Henry Lee Lucas confessed to killing hundreds of people in the Eighties — but it’s unclear whether he actually killed all of them. As such, he is single-handedly responsible for hundreds of unsolved murders; he likely confessed to murders he didn’t commit, thus ending investigations into cases that should not yet be closed.
Lucas is the subject of Netflix’s newest true crime docuseries The Confession Killer, debuting December 6th. The five-part series was directed by Oscar nominee Robert Kenner (Food Inc.) and Taki Oldham.
Lucas was sent to prison in the early Sixties for beating his mother to death and spent the next few decades in and out of incarceration. In the early Eighties, once more in prison, he claimed to have killed 600 people around the country.

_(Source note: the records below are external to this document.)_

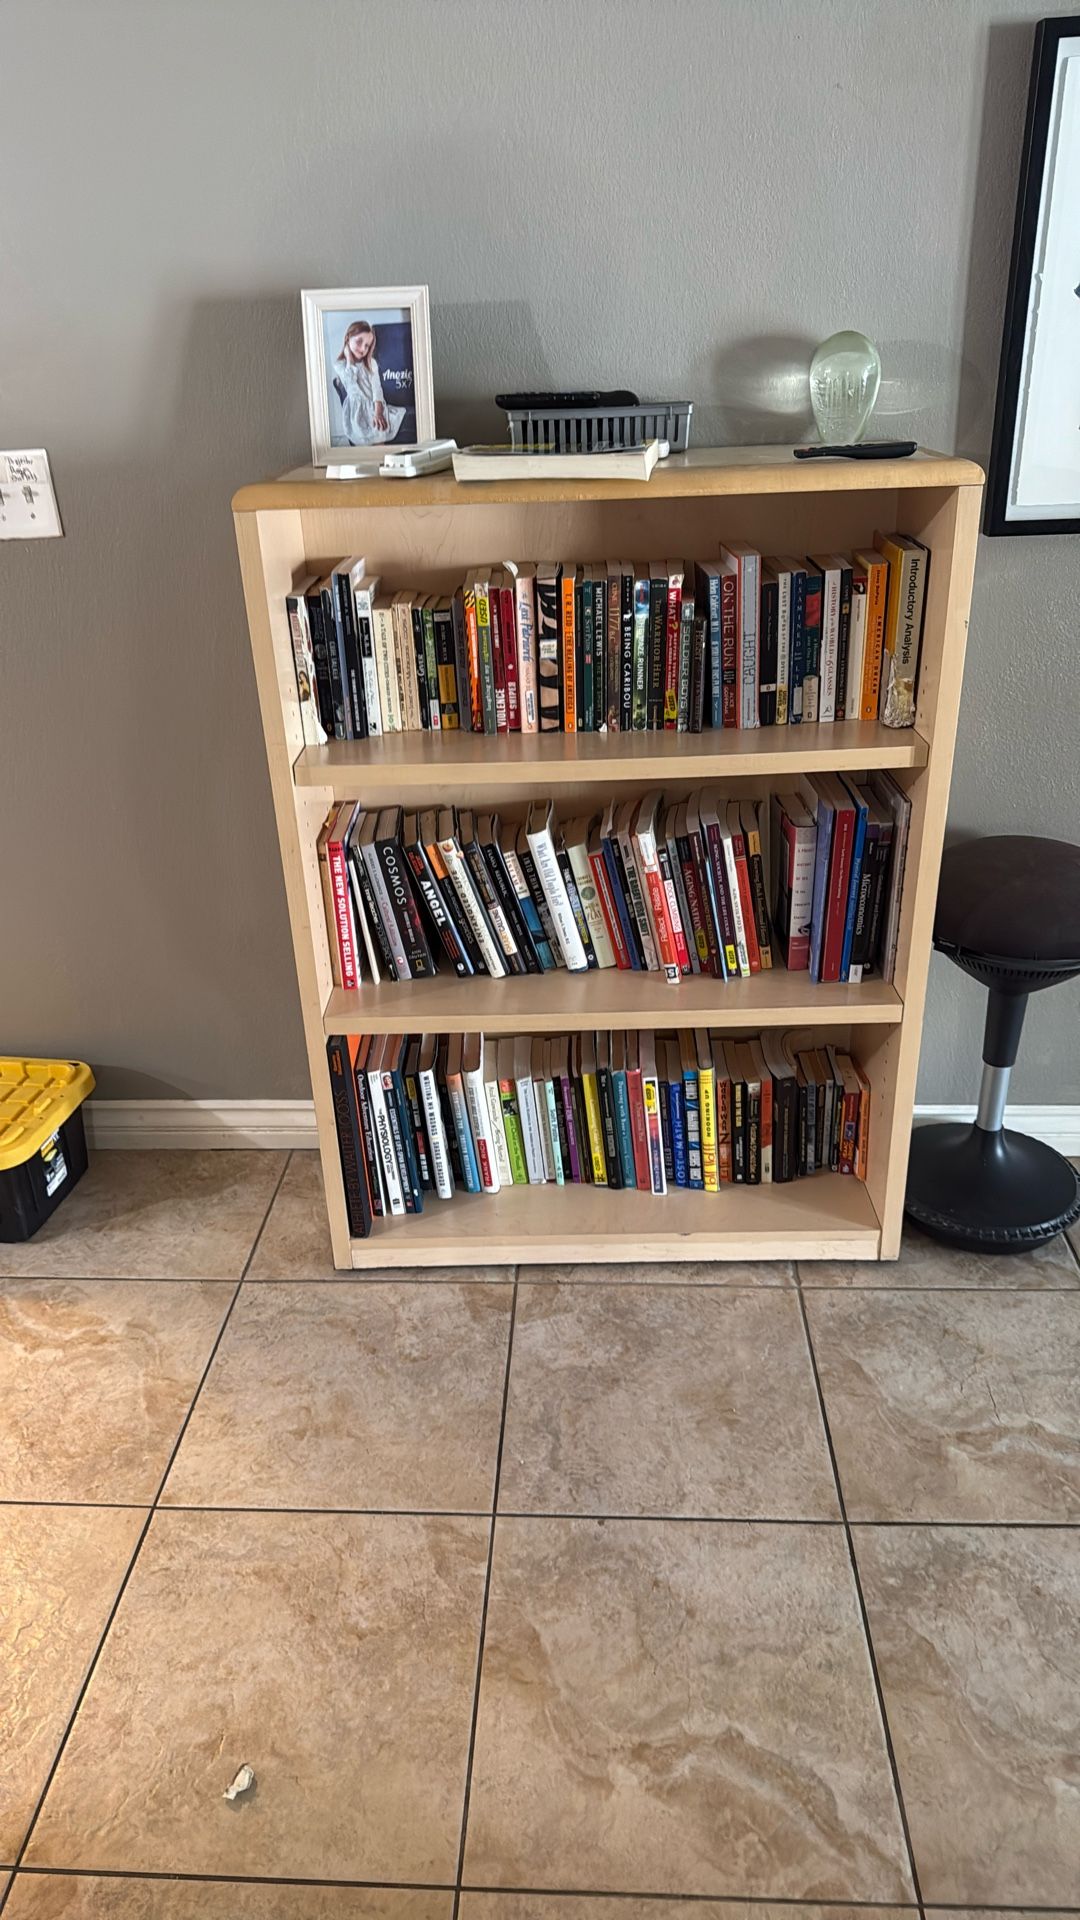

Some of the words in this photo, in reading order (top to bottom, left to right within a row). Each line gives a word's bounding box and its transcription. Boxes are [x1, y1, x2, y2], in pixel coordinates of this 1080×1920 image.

[710, 579, 719, 595] Helen
[724, 582, 734, 602] ON
[905, 558, 920, 620] Introductory
[479, 599, 488, 624] USED
[520, 602, 531, 620] Last
[610, 608, 620, 629] 1177
[724, 607, 734, 634] THE
[654, 615, 662, 663] WARRIOR
[682, 626, 690, 676] SOLDIER
[902, 624, 913, 664] Analysis
[724, 638, 734, 667] RUN
[743, 632, 755, 686] CAUGHT
[653, 664, 661, 688] HEIR
[508, 682, 517, 710] SNIPER
[680, 679, 688, 709] BOYS
[496, 688, 506, 727] VIOLENCE
[536, 842, 548, 858] What
[332, 856, 342, 874] THE
[383, 846, 407, 904] COSMOS
[523, 857, 534, 872] INTO
[541, 859, 551, 868] Are
[543, 870, 554, 878] Old
[626, 866, 636, 879] THE
[334, 875, 344, 896] NEW
[451, 870, 463, 889] LIFE
[527, 874, 538, 890] THIN
[546, 879, 559, 895] People
[629, 880, 641, 900] GREAT
[665, 882, 675, 899] ROCK
[684, 869, 697, 897] AGING
[420, 880, 446, 926] ANGEL
[533, 891, 543, 903] AIR
[856, 873, 871, 935] Microeconomics
[337, 898, 350, 940] SOLUTION
[460, 891, 484, 943] ENTANGLED
[669, 901, 681, 931] CLIMBING
[690, 898, 702, 930] NATION
[637, 919, 649, 936] SHIFT
[658, 918, 669, 942] Reflect
[342, 942, 353, 976] SELLING
[357, 1074, 368, 1099] Outdoor
[423, 1075, 432, 1100] WRITING
[704, 1089, 710, 1099] UP
[361, 1101, 371, 1130] Adventure
[427, 1102, 434, 1110] MY
[428, 1112, 438, 1136] WRONGS
[675, 1120, 684, 1149] MATH
[365, 1131, 374, 1161] Education
[377, 1115, 392, 1164] PHYSIOLOGY
[720, 1133, 730, 1144] Z
[664, 1148, 672, 1166] FIELD
[399, 1163, 410, 1193] DEVELOPMENT
[483, 1161, 491, 1185] FRANK
[677, 1160, 685, 1184] LOST
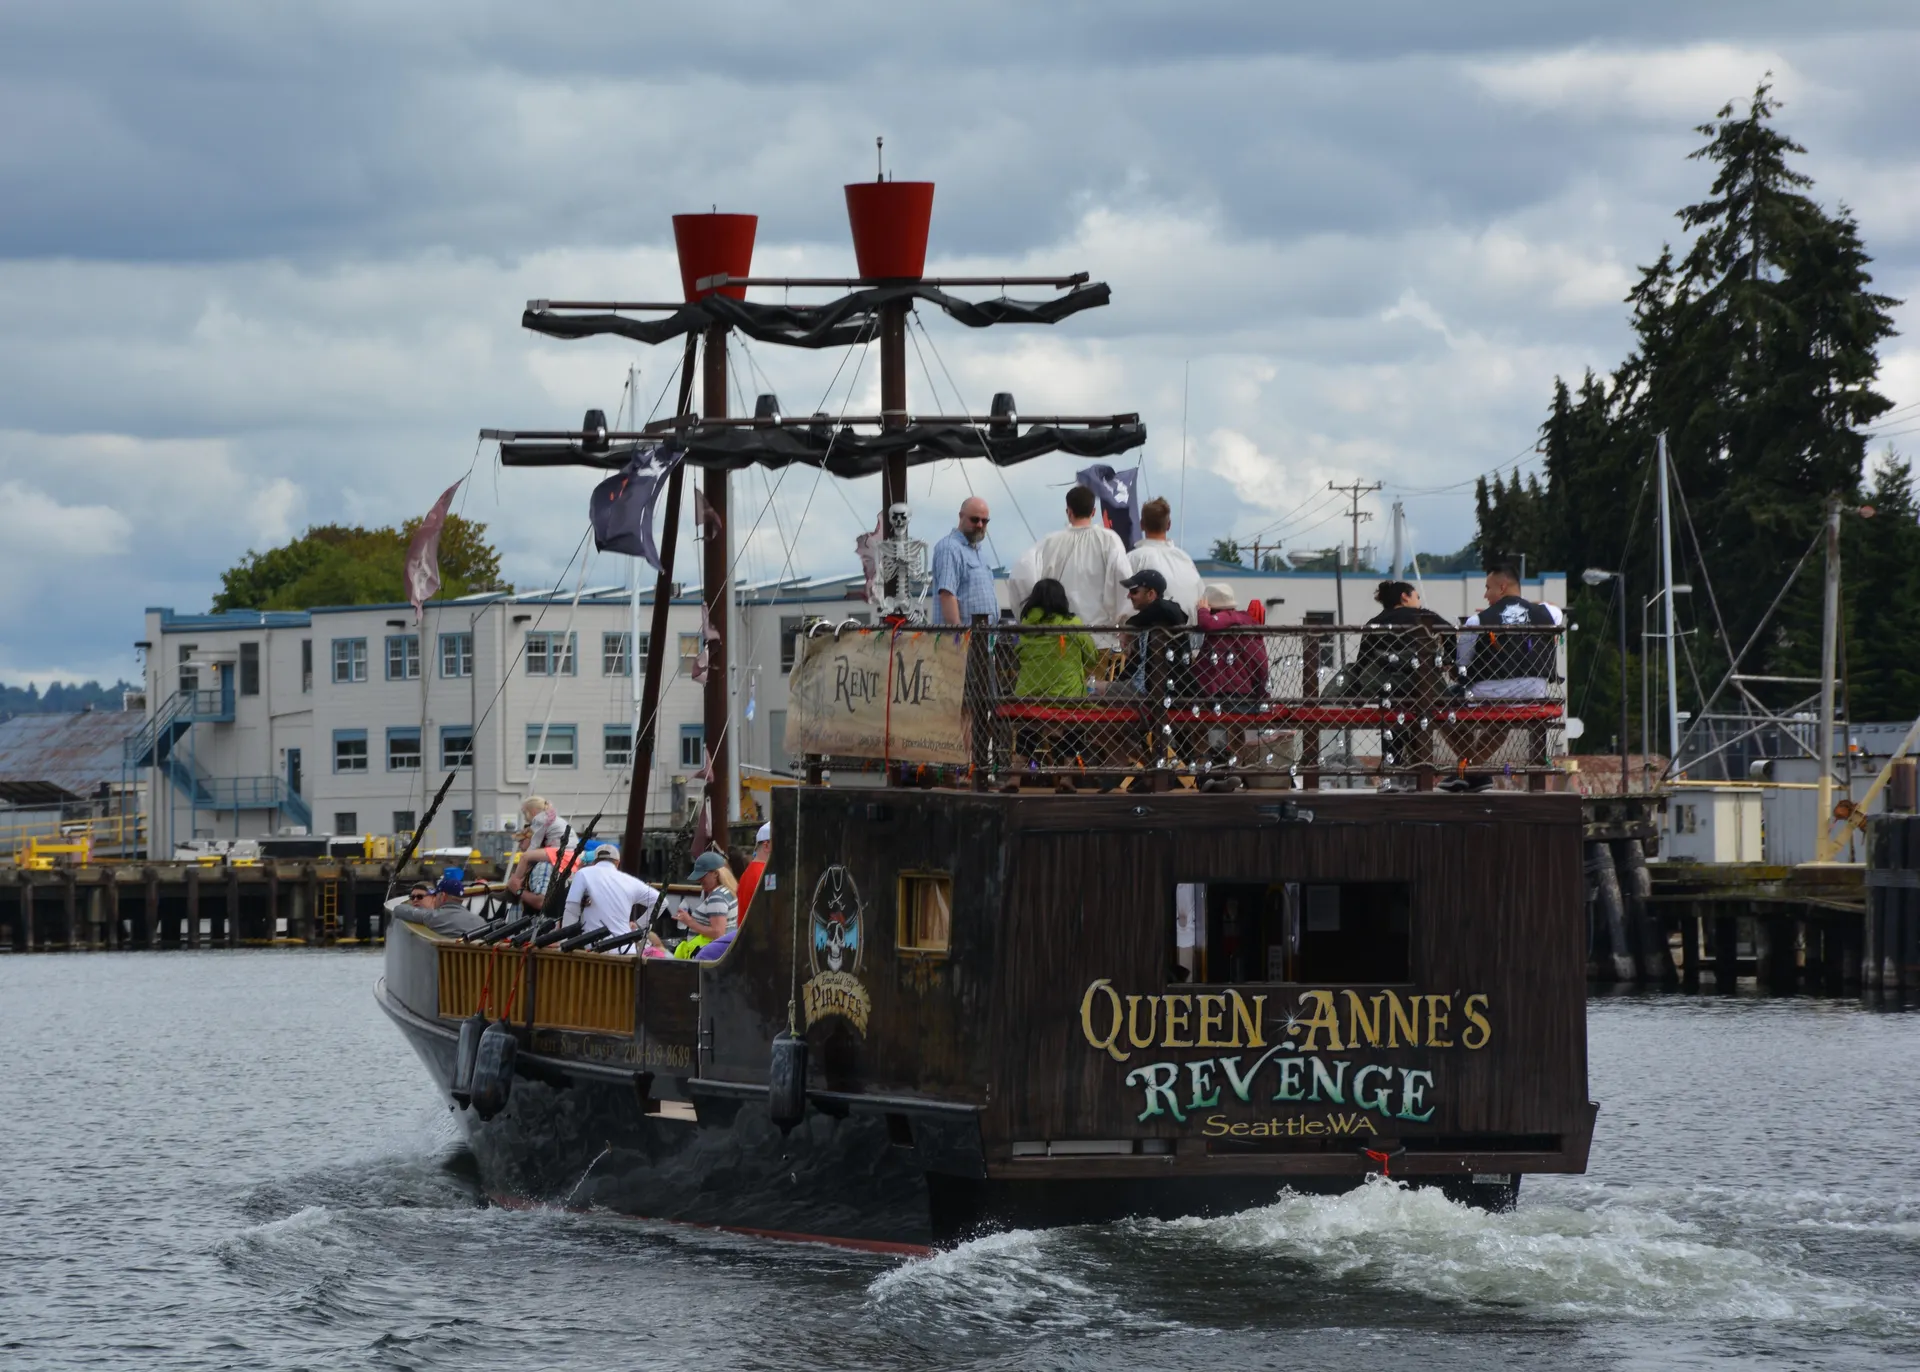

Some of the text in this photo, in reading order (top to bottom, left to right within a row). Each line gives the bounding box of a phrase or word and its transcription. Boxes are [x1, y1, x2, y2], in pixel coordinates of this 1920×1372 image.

He died in prison at age 64; according to the New York Times, he was the only death row inmate spared a the death penalty by George W. Bush when he was governor of Texas. The docuseries trailer shows Lucas reveling in the attention law enforcement gave him due to these possibly false confessions, showering him with smiles and milkshakes. Lucas was the inspiration for the 1986 film, Henry: Portrait for a Serial Killer, a thriller about a killer who goes on a cross-country murder spree.
Despite the fact that he later recanted many of these confessions, Ken Anderson — the district attorney who prosecuted Lucas for the 1979 bludgeoning of an unknown woman that landed him on death row — has asserted that Lucas was likely still a serial killer. ”It’s difficult to imagine you can rely on anything he said, but the fact remains he was a serial killer, even though we’re unable to pinpoint the exact number,” he said.
In October, 79-year-old Samuel Little was dubbed the most prolific serial killer in the U.S. by the FBI. He has confessed to 93 murders, 50 of which the FBI can confirm. Little and the FBI are currently looking to ID his unknown victims.